We would like to create a similar project to this one https://portal.ozobot.com/lessons/detail/cold-lady except our plan is to use the ozobots to help the students write a story map for a process piece that is of interest to them. We are also thinking that we would be able to use the ozobots during our literacy routine to enhance the small group activities that we already have in place. For example, the students could program the ozobot to alphabetize the weekly spelling word list or program the ozobot to stop on a misspelled word in a sentence. Another idea in literacy circles in which we could use the ozobot is with organizing procedural writing, where the ozobot will move and stop at specific place allowing the students “talk time” to share important element of the story. The ozobot also could be used to showcase a student’s retelling of events after their time in Read to Self. Students are motivated using literacy circles, enhancing them with ideas of how to use the ozobot will certainly broaden our student’s creativity and language development skills.

Example 10

Our grade 4 health curriculum involves knowledge of the digestive and urinary systems. The students will be coding their ozobots to recreate a journey through the digestive system while others will be coding a journey through the urinary system. Students will work in groups of 3 or 4 to create a representation of the systems (drawing, model, etc.). They will code the ozobot to journey through the system while they explain the main organs and the importance of each in the digestive or urinary system.
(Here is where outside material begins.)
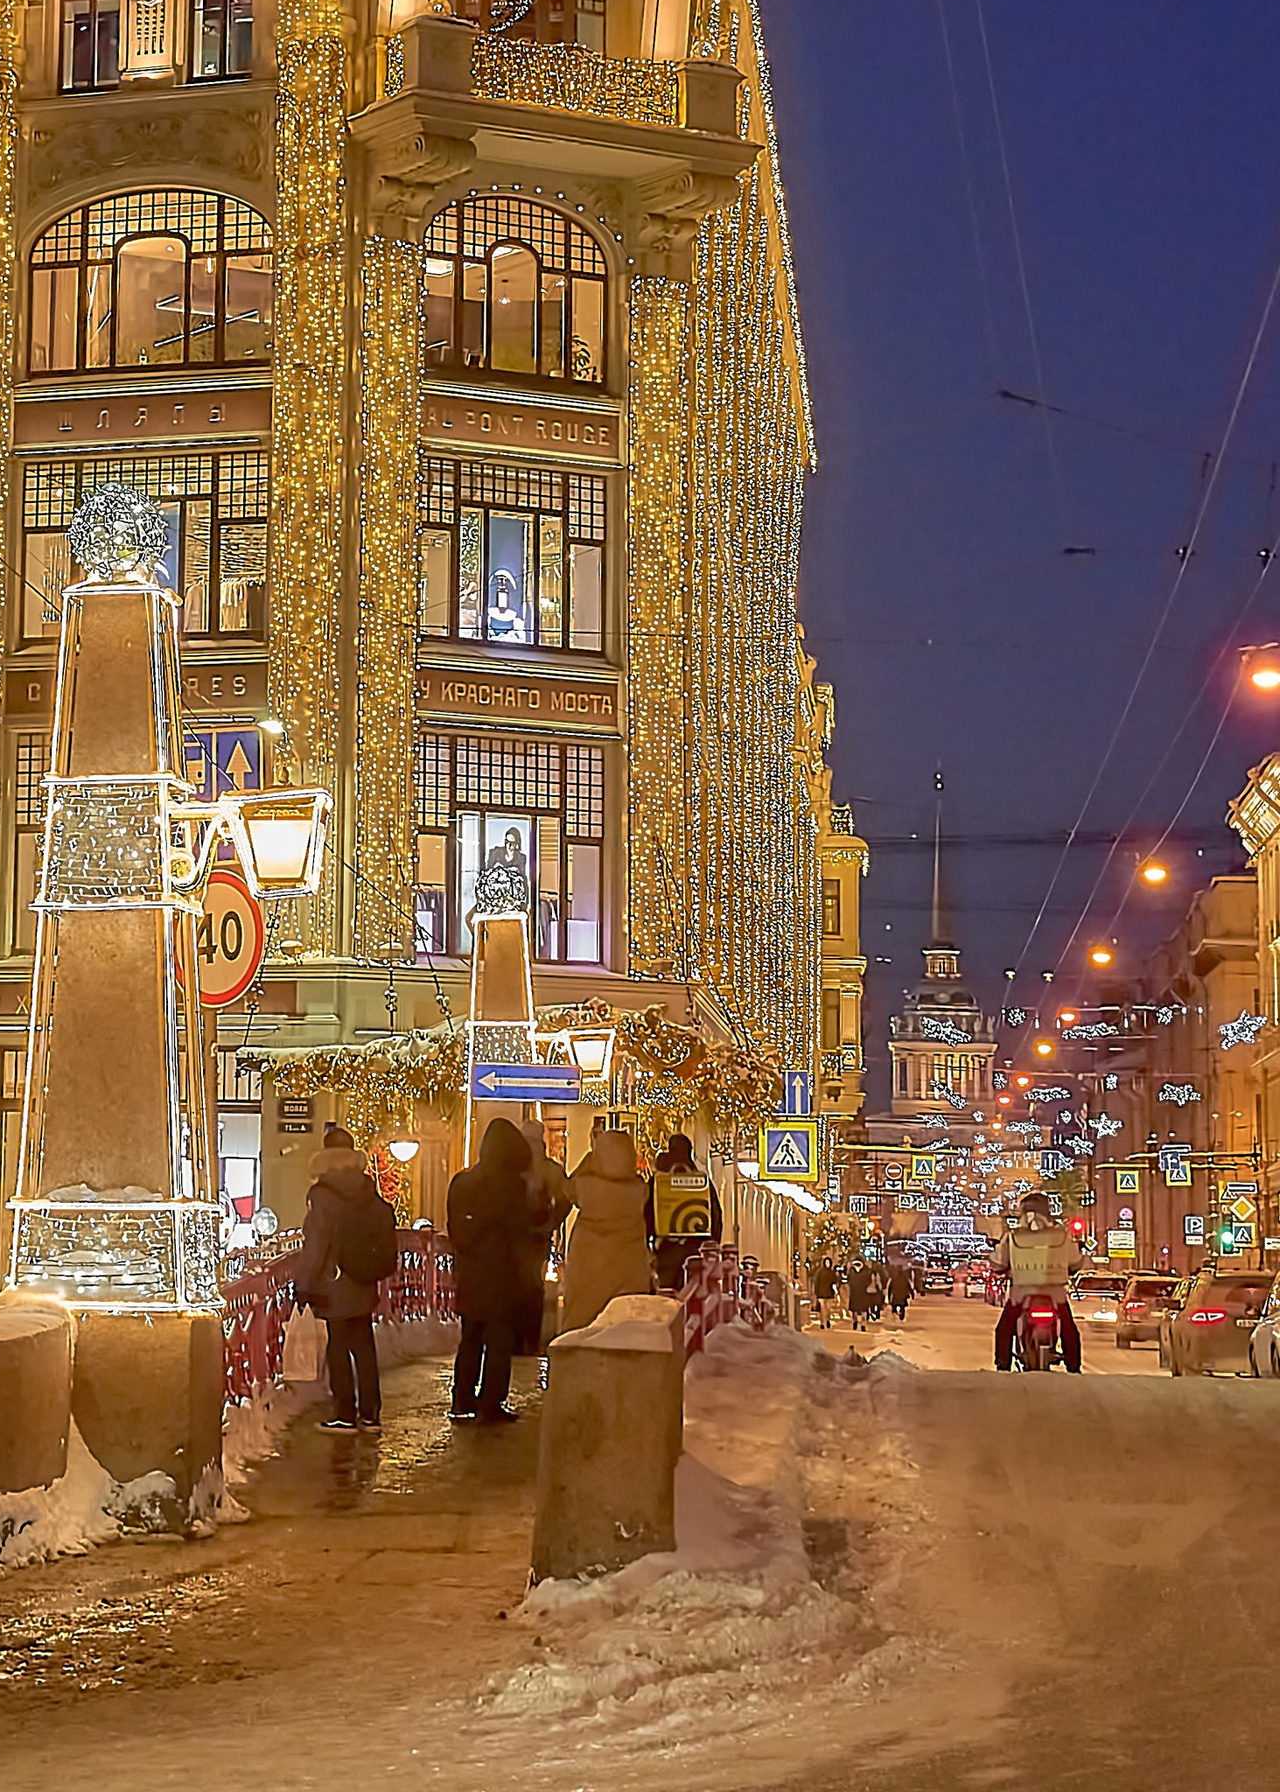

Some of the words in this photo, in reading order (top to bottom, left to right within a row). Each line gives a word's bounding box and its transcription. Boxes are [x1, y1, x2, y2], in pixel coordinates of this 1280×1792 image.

Students will be involved in sequencing the process, creating their representation, coding the ozobot through the journey, creating the video, presenting and sharing via google their videos.

Example 11

In grade 4, Bienvenue chez nous, is a unit around the theme of communities and things we would find in our communities. At the beginning of the unit we learn the necessary vocabulary for buildings, directions (up, down, left right), and well as verbs for movement (fast, slow, etc.). Once student have all necessary vocabulary, their Mini-tâche assessment involves creating their community (where they live) and using the vocab to describe in French orally what is real to them. This activity involves drawing a map while speaking aloud to a group. We could use ozobots coding into our maps along the streets of their community maps. The students can indicate how to get to certain key places that are important to them in their community. The ozobot can be programmed to virtually tour the community in which each students live. Bringing these experiences to our young learners will provide many benefits to their French vocabulary (describing the path of the ozobot in French as well as the key map elements), it will also provide much needed exposure to coding (a new concept at our school), and engagement as learners. Once this example is complete, we can use the same concept to discover unknown communities (Francophone communities) around the world.